Hoje, na terceira parte, propomos a análise do Decreto n.º 109/XIV, que regula as condições em que a morte medicamente assistida não é punível e altera o Código Penal, e, que deu origem ao Acórdão n.º 123/2021. Este Acórdão, por sua vez, será analisado na quarta parte do artigo, publicado no próximo mês.
Atendendo ao Decreto n.º 109/XIV, verificamos que, nos termos do artigo 2.º, considera-se antecipação da morte medicamente assistida não punível a que ocorre por decisão da própria pessoa, maior, cuja vontade seja atual e reiterada, séria, livre e esclarecida, em situação de sofrimento intolerável, com lesão definitiva de gravidade extrema de acordo com o consenso científico ou doença incurável e fatal, quando praticada ou ajudada por profissionais de saúde. Este pedido pode ser livremente revogado a qualquer momento.
A abertura do procedimento clínico de antecipação da morte (artigo 3.º) é efetuado pela pessoa que preenche os requisitos mencionados, através de um documento escrito, datado e assinado pelo próprio, a ser integrado no Registo Clínico Especial (RCE) criado para o efeito. O pedido é dirigido ao médico escolhido pelo doente, doravante designado por "médico orientador", que pode ser ou ter sido o médico pessoal ou de família do doente e que pode ser especialista na patologia que afete o doente. O médico orientador deve obrigatoriamente aceder ao historial clínico do doente e assumi-lo como elemento essencial do seu parecer. Posto isto, emite parecer (artigo 4.º) fundamentado sobre se o doente cumpre todos os requisitos e presta-lhe toda a informação e esclarecimento sobre a situação clínica que o afeta, os tratamentos aplicáveis, viáveis e disponíveis, designadamente na área dos cuidados paliativos, e o respetivo prognóstico, após o que verifica se o doente mantém e reitera a sua vontade, devendo a decisão do doente ser registada por escrito, datada e assinada. A informação e o parecer prestado pelo médico e a declaração do doente, assinados por ambos, integram o RCE. Se o parecer do médico orientador não for favorável à antecipação da morte do doente, o procedimento em curso é cancelado e dado por encerrado e o doente é informado dessa decisão, podendo o procedimento ser reiniciado com um novo pedido de abertura, se o doente assim o entender.

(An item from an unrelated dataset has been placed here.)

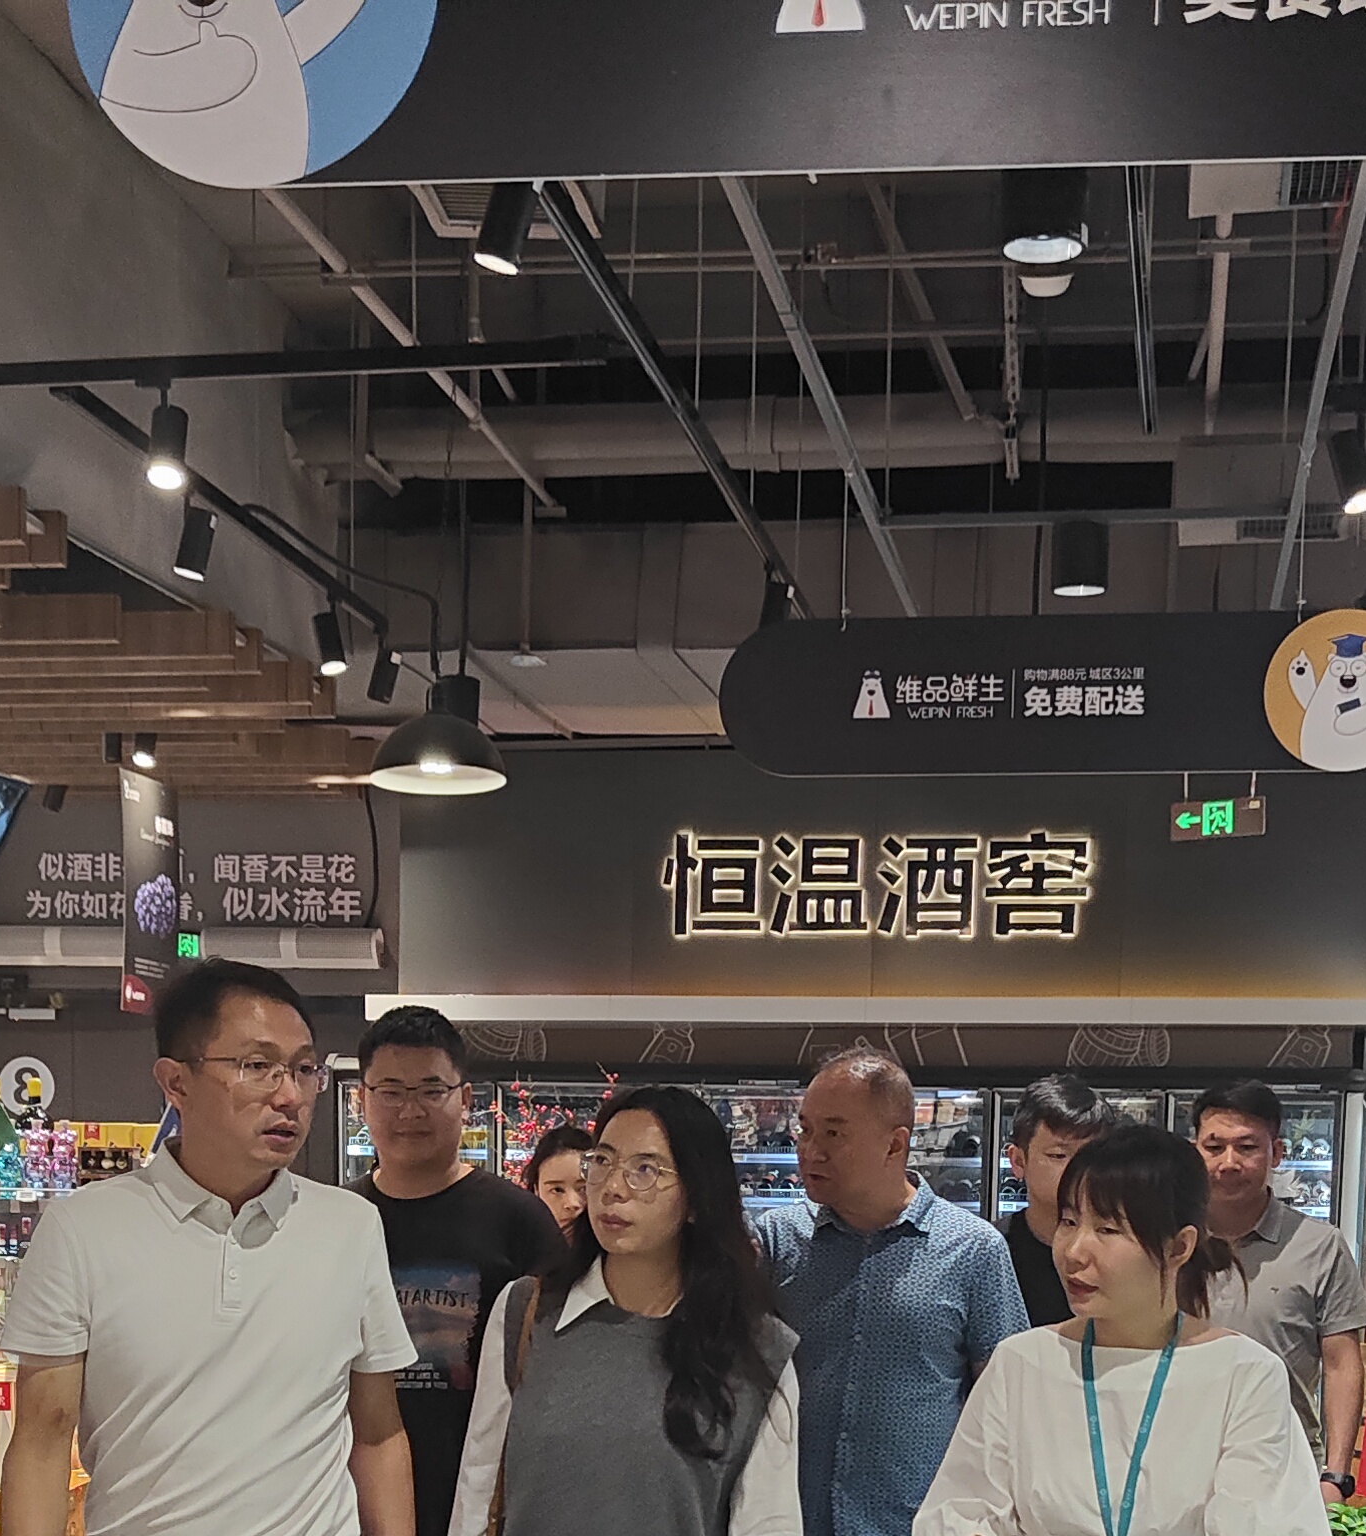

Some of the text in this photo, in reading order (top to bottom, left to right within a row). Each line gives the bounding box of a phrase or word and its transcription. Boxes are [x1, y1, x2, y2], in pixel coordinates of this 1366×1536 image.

Depois do parecer favorável do médico orientador, este procede à consulta de outro médico, especialista na patologia que afeta o doente, cujo parecer confirma ou não que estão reunidas todas as condições, o diagnóstico e prognóstico da situação clínica e a natureza incurável da doença ou a condição definitiva da lesão. À semelhança do primeiro, este parecer também integra o RCE e caso não seja favorável, o procedimento é cancelado, havendo sempre a possibilidade de reiniciar com novo pedido de abertura, conforme o artigo 5.º.
É obrigatório o parecer de um médico especialista em psiquiatria (artigo 6.º) sempre que o médico orientador ou o médico especialista tenham dúvidas sobre a capacidade da pessoa para solicitar a antecipação da morte ou quando admitam que possa existe alguma perturbação psíquica ou condição médica que afete a sua capacidade de tomar decisões. Se se verificar alguma destas situações, o procedimento é cancelado, existindo, novamente, a possibilidade de reiniciar com novo pedido de abertura.

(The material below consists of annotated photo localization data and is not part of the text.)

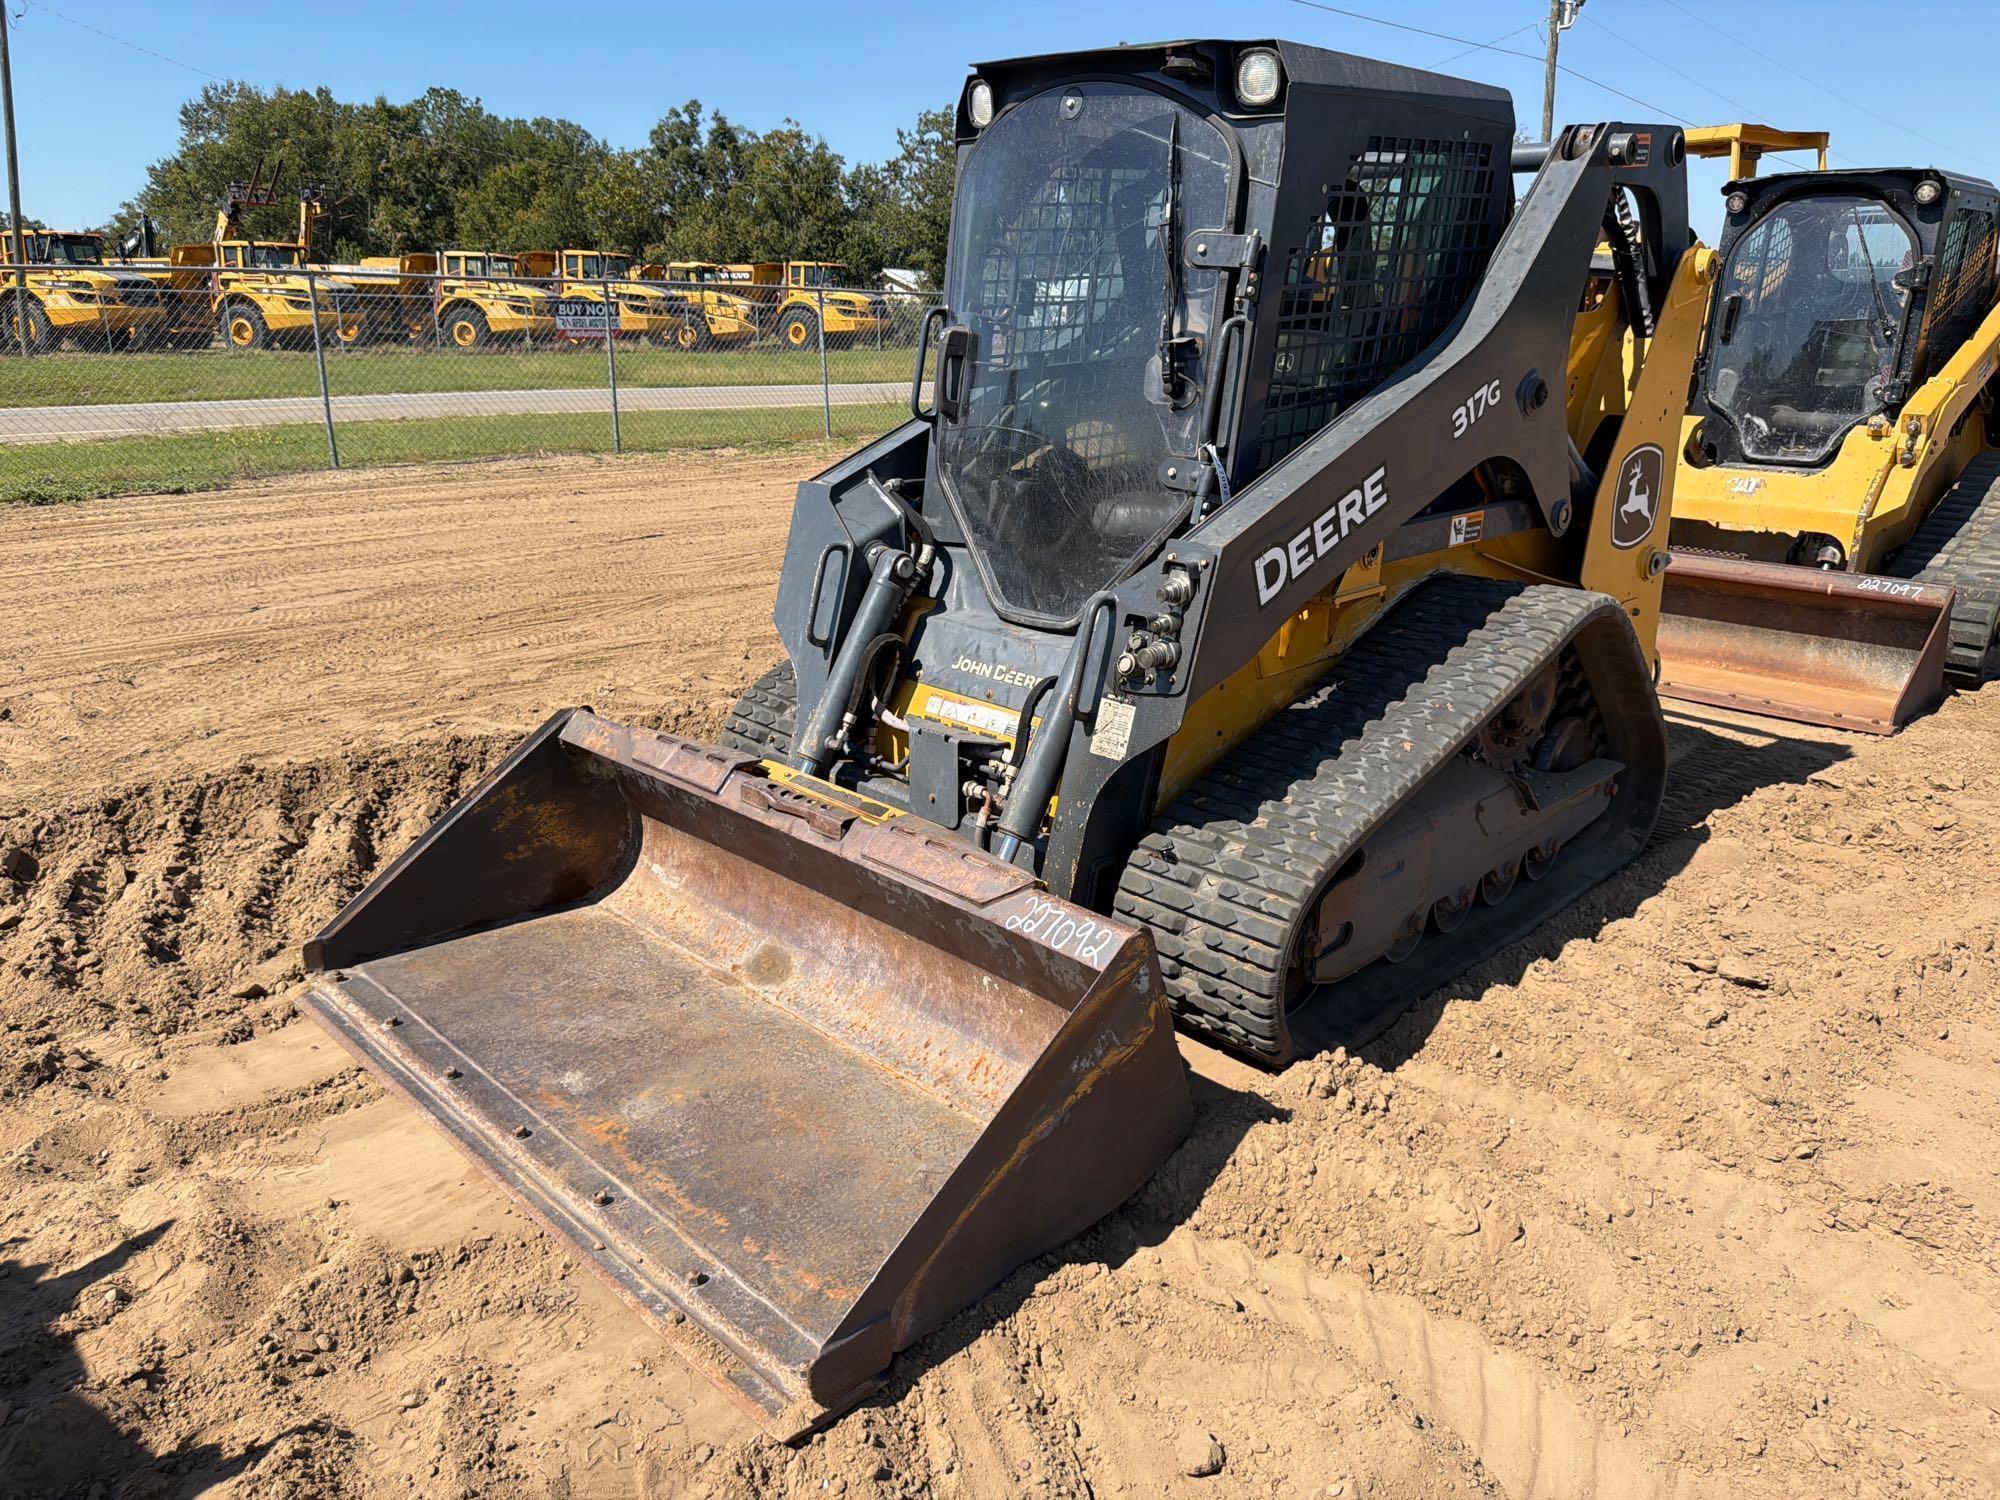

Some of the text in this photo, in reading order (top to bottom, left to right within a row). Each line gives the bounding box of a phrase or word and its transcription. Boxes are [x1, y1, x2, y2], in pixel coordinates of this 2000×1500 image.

[558, 303, 582, 316] BUY
[1451, 379, 1501, 439] 317G
[1217, 462, 1229, 496] 7092
[1254, 466, 1388, 607] DEERE
[1857, 579, 1924, 599] 227097
[951, 654, 993, 678] JOHN
[1005, 896, 1112, 967] 227092

Se todos os pareceres forem favoráveis e após reconfirmação da vontade do doente, o médico orientador remete cópia dos RCE para a Comissão de Verificação e Avaliação dos Procedimentos Clínicos de Antecipação da Morte (CVA), solicitando parecer sobre o cumprimento dos requisitos e das fases anteriores do procedimento (artigo 7.º). Se o parecer da CVA for desfavorável, o procedimento é cancelado e pode ser reiniciado com novo pedido se o doente assim entender; se, for favorável, o médico orientador deve informar o doente do conteúdo do parecer, reconfirmar a vontade do doente, devendo a sua decisão consciente e expressa ser registada em documento escrito, datado e assinado pelo próprio.

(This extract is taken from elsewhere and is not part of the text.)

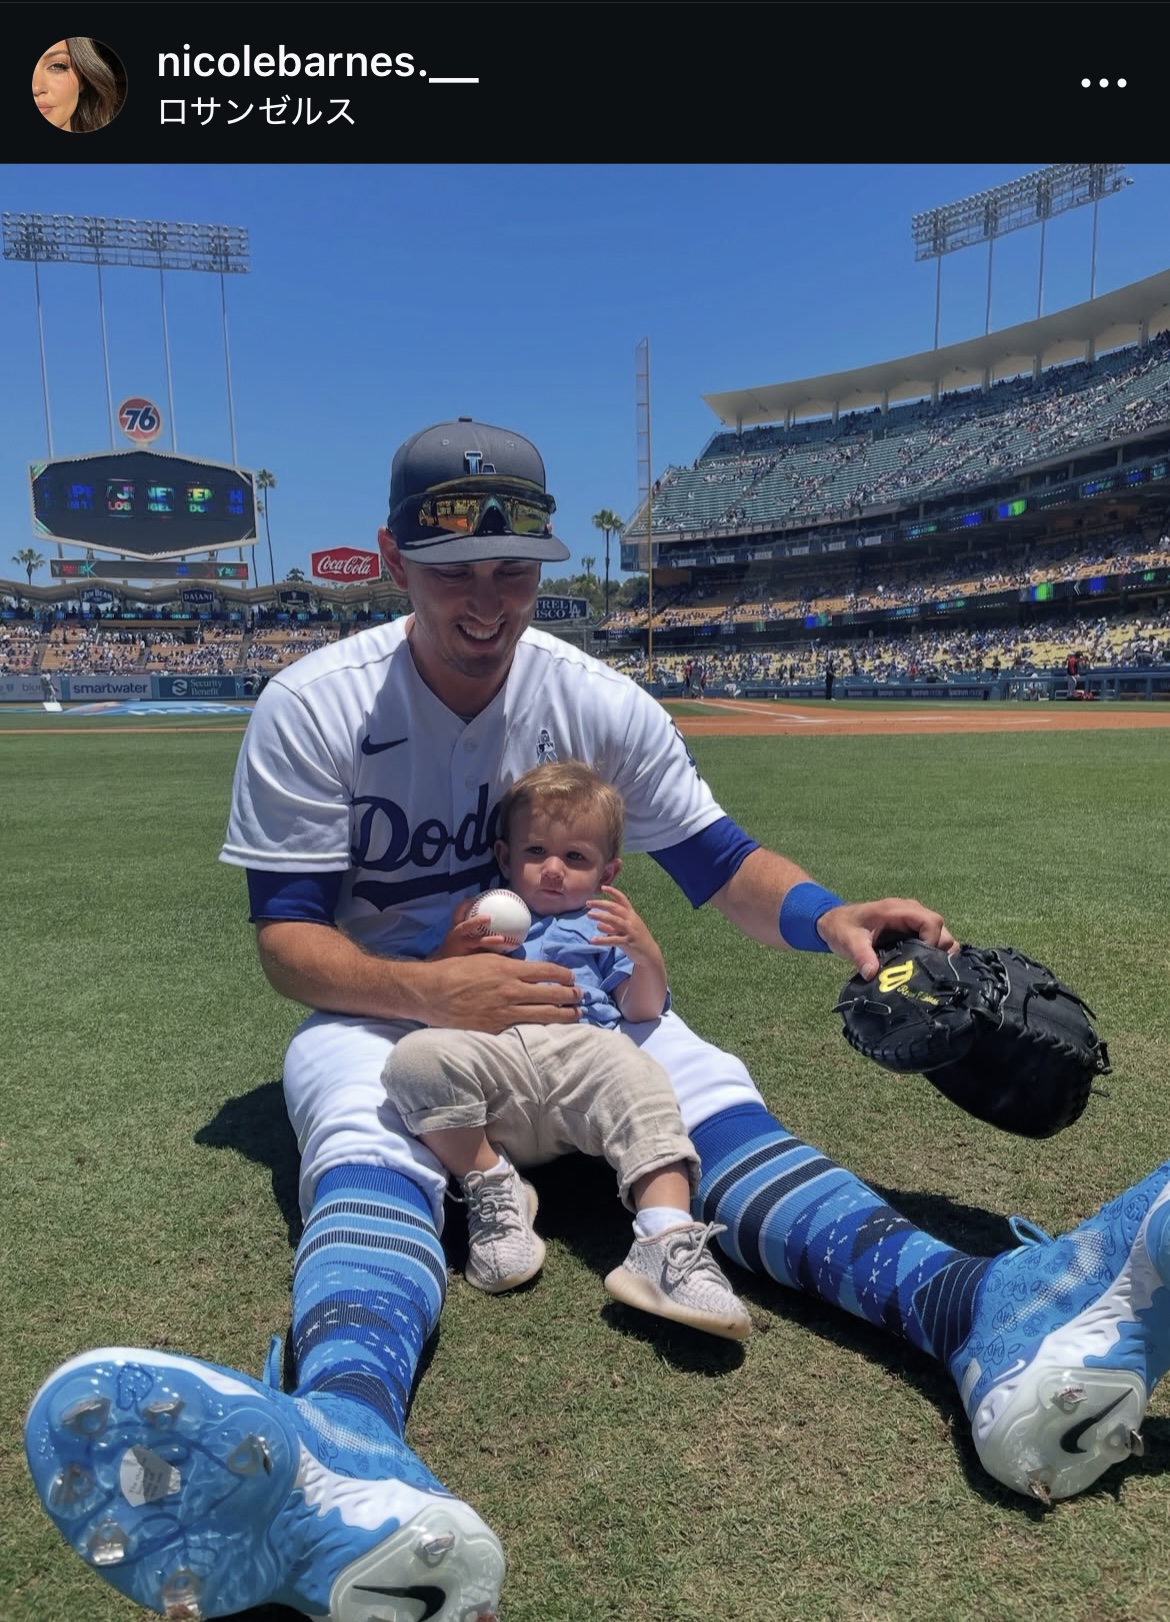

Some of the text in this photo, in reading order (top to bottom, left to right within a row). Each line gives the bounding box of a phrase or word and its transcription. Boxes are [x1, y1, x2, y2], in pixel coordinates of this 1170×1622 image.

Mediante o parecer favorável da CVA, o médico orientador, de acordo com a vontade do doente, combina o dia, hora, local e método a utilizar para a antecipação da morte (artigo 8.º). No dia, podem estar presentes as pessoas indicadas pelo doente (artigo 13.º). E, antes do início da administração ou autoadministração dos fármacos letais, é obrigatório confirmar se o doente mantém a vontade de antecipar a sua morte, em caso positivo, o procedimento prossegue, em caso negativo, o procedimento é cancelado (artigo 9.º). A decisão do doente em qualquer fase do procedimento é pessoal e indelegável (artigo 10.º), podendo ser revogada a qualquer momento, resultando no cancelamento do procedimento (artigo 11.º).